Да, в доме не любили моего отца. Но я-то при чем тут?
Стоя на веранде и прислушиваясь к «харчкам», я горестно размышлял обо всем этом.
Я знал, что скоро мы помиримся, что пацаны сами подойдут ко мне, заговорят, позовут играть. Но минута не становилась от этого менее горькой. Мы помиримся, а потом они снова меня не захотят принимать в компанию?
Когда это случится? И сколько еще раз мне терпеть обиды? И неужели пацаны не понимают, что сам я гораздо больше страдаю из-за моего отца, чем кто-нибудь из них?
А с третьего этажа все доносилось хр-р-р, хр-р-р. Как будто мои друзья, стоя там, наверху, говорили: «А нам наплевать!»
Глава 21. Воскресные радости
– Ма-ла-ко-о! Кислый, пресный ма-ла-ко-о! – звонко и протяжно звучит за окном веранды. Это старая наша знакомая, молочница Фируза. Нет еще и восьми, но она уже, как всегда по воскресеньям, тут как тут. Мы с Эммкой наперегонки мчимся вслед за мамой открывать дверь. И вот она на пороге – приветливая, со смуглым лицом и обветренными щеками.
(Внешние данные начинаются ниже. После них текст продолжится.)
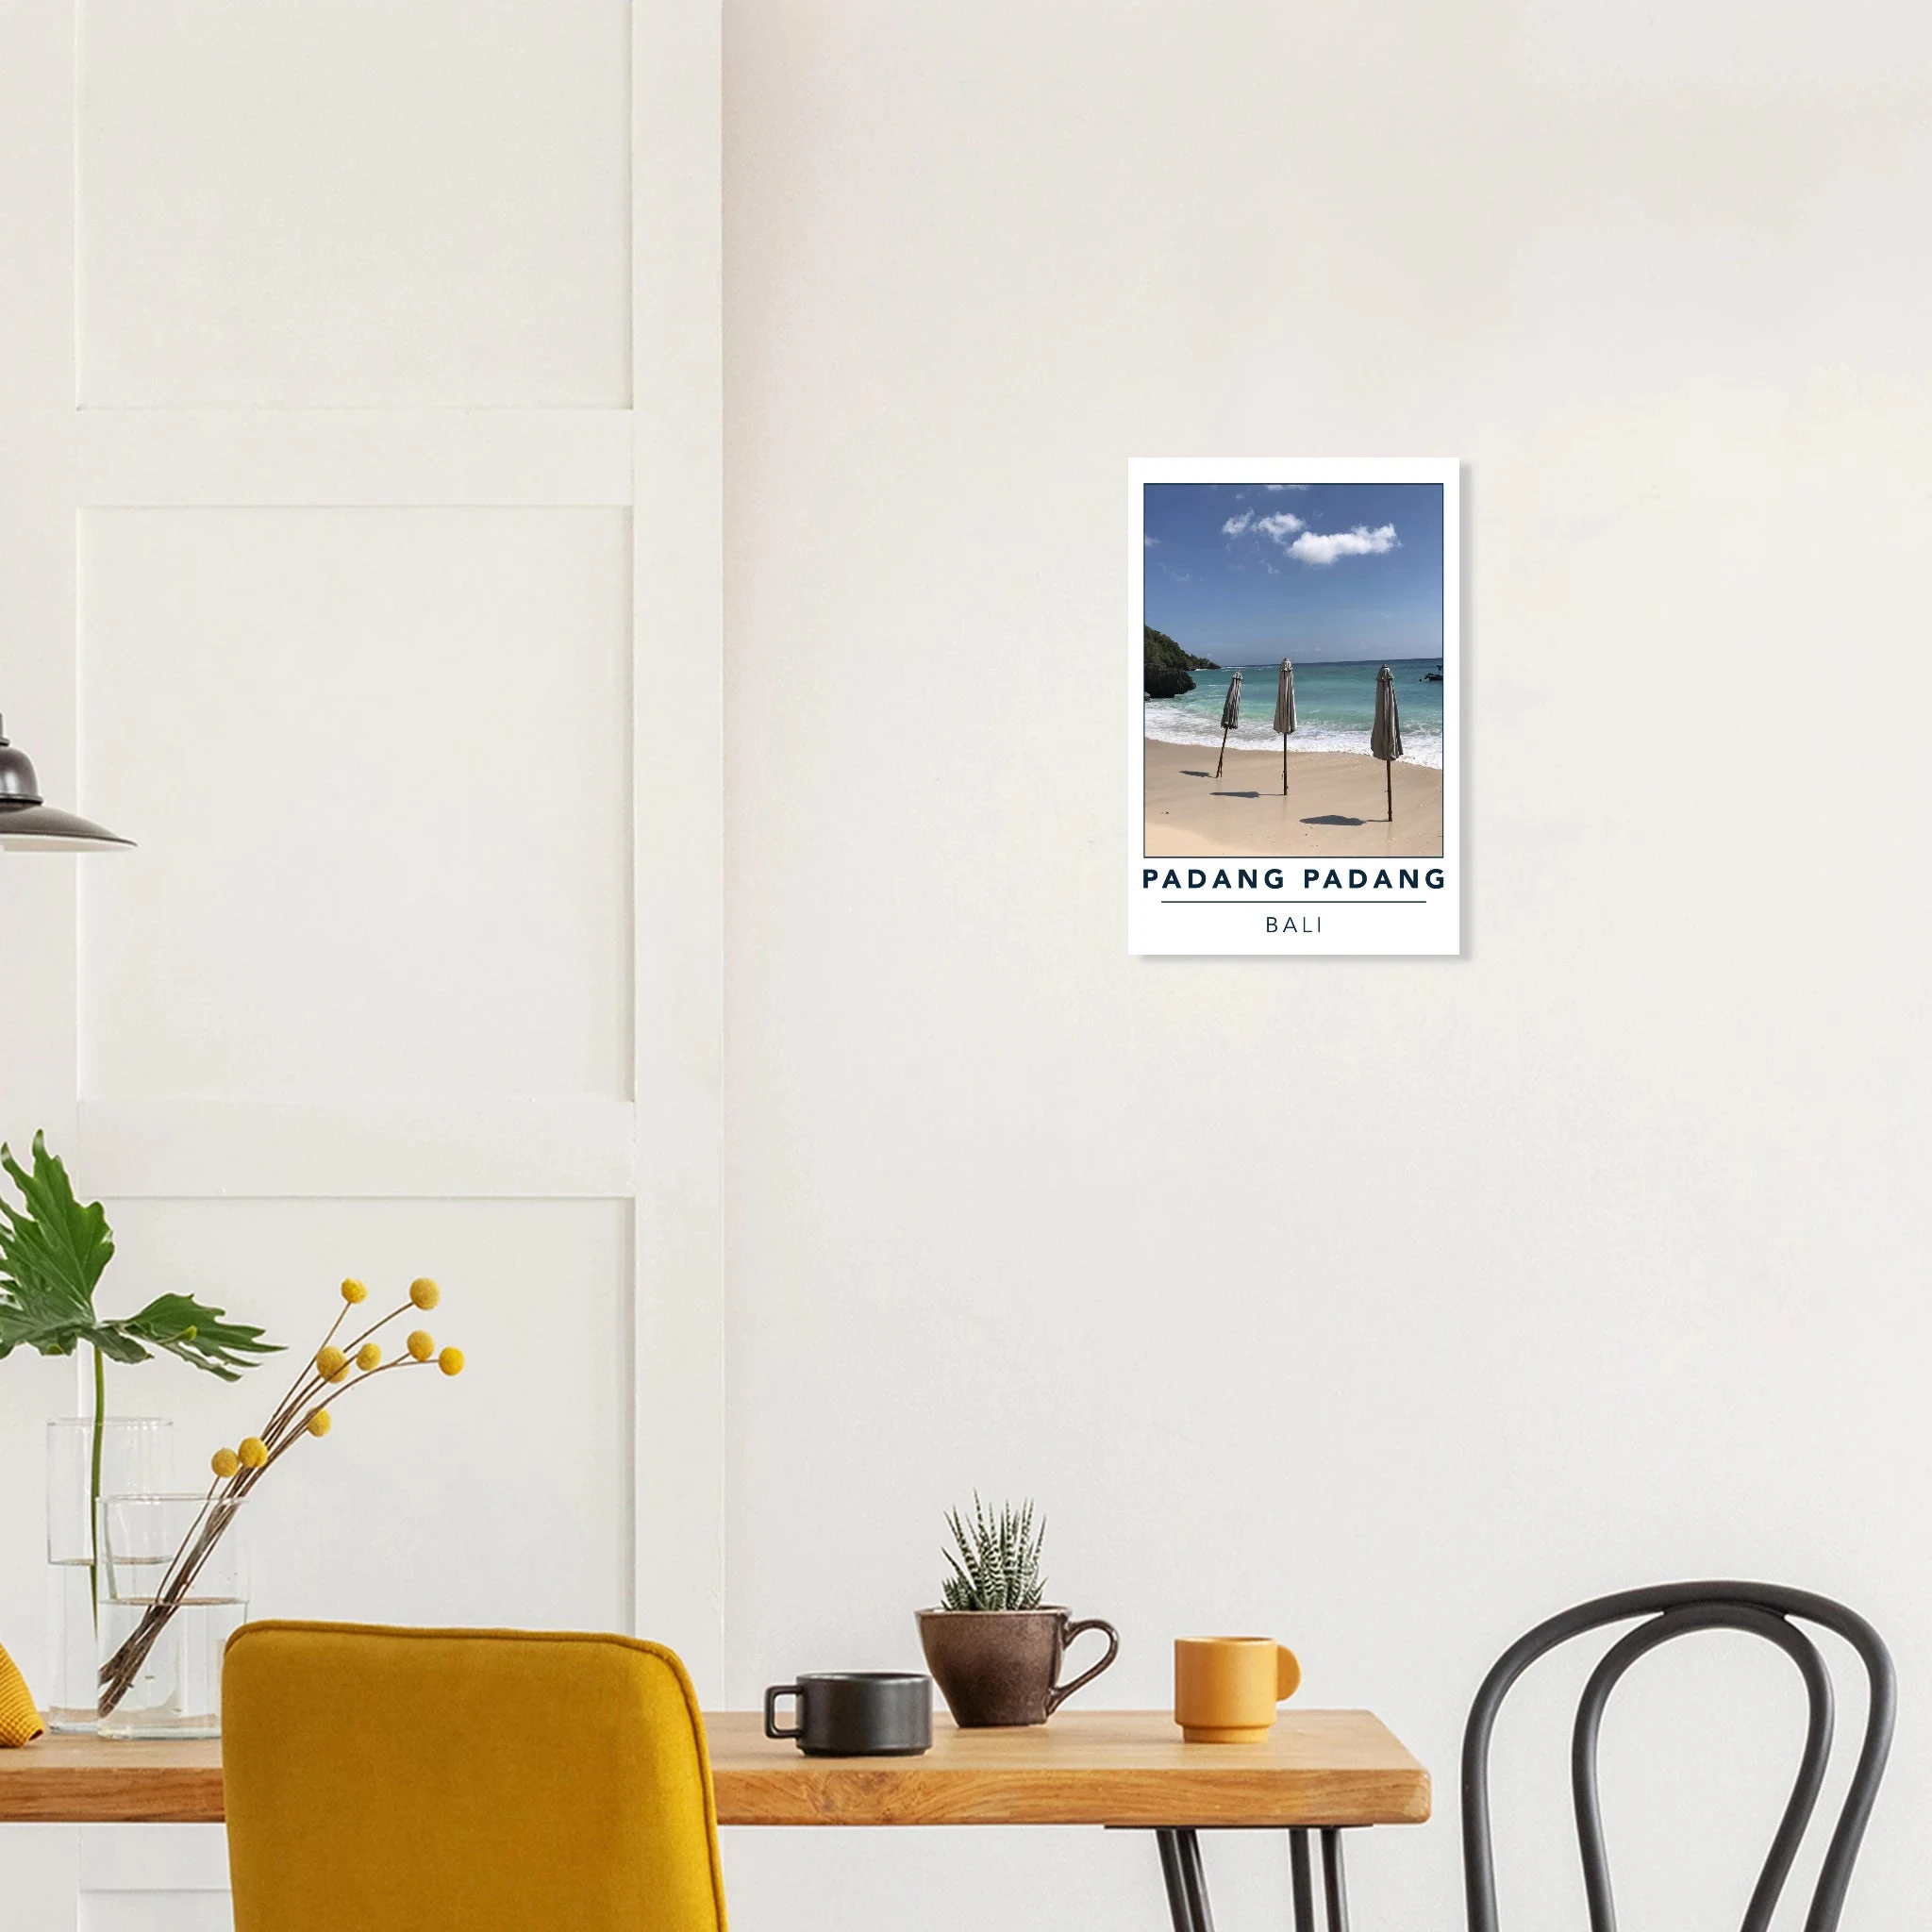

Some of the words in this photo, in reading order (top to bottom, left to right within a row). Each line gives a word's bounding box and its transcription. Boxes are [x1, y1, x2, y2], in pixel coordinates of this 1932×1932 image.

[1142, 868, 1284, 890] PADANG
[1304, 868, 1445, 890] PADANG
[1266, 916, 1322, 933] BALI
Легко ставит на пол свои тяжелущие алюминиевые бидоны (каково ей таскаться с ними пешком по всему району) и здоровается с мамой: «Яхши ми сиз, опаджон?» Я люблю смотреть, как аккуратно и ловко наливает Фируза молоко в литровую банку, подставленную мамой. Так ловко, что струя падает, не колеблясь, и ни одна капля не прольется мимо. Бидон в ее руках кажется таким легким, а ведь мне не то что не поднять, мне и с места не сдвинуть эту глыбу… Фируза-опа напоминает мне одну из тех торговок маслом из Багдада, о которых я читал в какой-то книге о средневековом Востоке. Они разливали по сосудам масло столь искусно, что колечко, положенное на узкое горлышко глиняного кувшина, оставалось чистым…
Налив молоко, Фируза-опа ласково улыбается нам с Эммкой. Детей она любит, у нее у самой их много.
– Нравится мой малако-о?
Мы поспешно киваем. Нам нравится молоко, нравится и сама Фируза. Ее черные, как смоль, волосы заплетены во множество косичек, спадающих на темно-зеленую бархатную жакетку. Яркие и широкие шелковые штаны стянуты на икрах, обнажая шлепанцы, надетые на босу ногу… Ну, а что касается молока – мама считает, что прекрасное молоко дает корова Фирузы! Мы тоже так думаем… Мама его кипятит, ставит кастрюльку в холодильник, и наутро там образуется толстая, чуть кремовая пенка – сливки… Ничего нет на свете вкуснее! А как красива эта пенка, как она мерно покачивается на поверхности молока! Очень жалко было ее трогать, но острое желание превосходило жалость. Пенка беспощадно разламывалась и раскладывалась в пиалы… Ах, как быстро она исчезала во рту вместе с кусочками хлеба!
– Налить еще малака-а? Хотите больше? – спрашивает соблазнительница, наполнив банку. О, она прекрасно умеет читать все, что написано на наших лицах! Фируза действует очень умело: ведь мама тоже не железная…
Но вот молочница ушла, громыхнули ее бидоны на следующей площадке. «Пресный, кислый ма-ла-ко-о!» – эхом разнеслось по подъезду.
Не успела закрыться дверь, как снова раздался стук. Это сантехник, дядя Толик. Мама вызвала его, чтобы заделать в ванной щель между краем ванны и стеной. Мы с Эммкой, купаясь, конечно забывали об этой злосчастной щели и обычно вылезали из ванны не на пол, а в большую теплую лужу, посреди которой, как болотистый островок, хлюпала мокренькая цветная дорожка.
Пузатый дядя Толик, кряхтя, склонился над ванной. Хотя ему и сорока нет, он из-за этой своей полноты довольно неуклюж и зачастую не может пролезть к нужному месту – в ванных и туалетах, как известно, не слишком-то просторно… У светловолосого дяди Толика лицо круглое и очень доброе. Попроси его мама втиснуться под ванну, чтобы отремонтировать трубу, думал я, глядя на него, он бы так и сделал, но, конечно, застрял бы… И вот торчат из-под ванны дяди-Толиковы ноги, а он, приподняв ванну своим толстым пузом, отвинчивает сточную трубу… И лужа возле ванны все шире, все глубже… И уже плывет по ней, покачиваясь, ванна-корабль… А дядя Толик – это кит, на горбу которого (или на пузе, какая разница!) этот кораблик плывет… А мы с Эммкой на этом самом корабле визжим от удовольствия, просим: «В Африку, дядя Толик! Пожалуйста, в Африку! К Айболиту, к гиппопотамам!»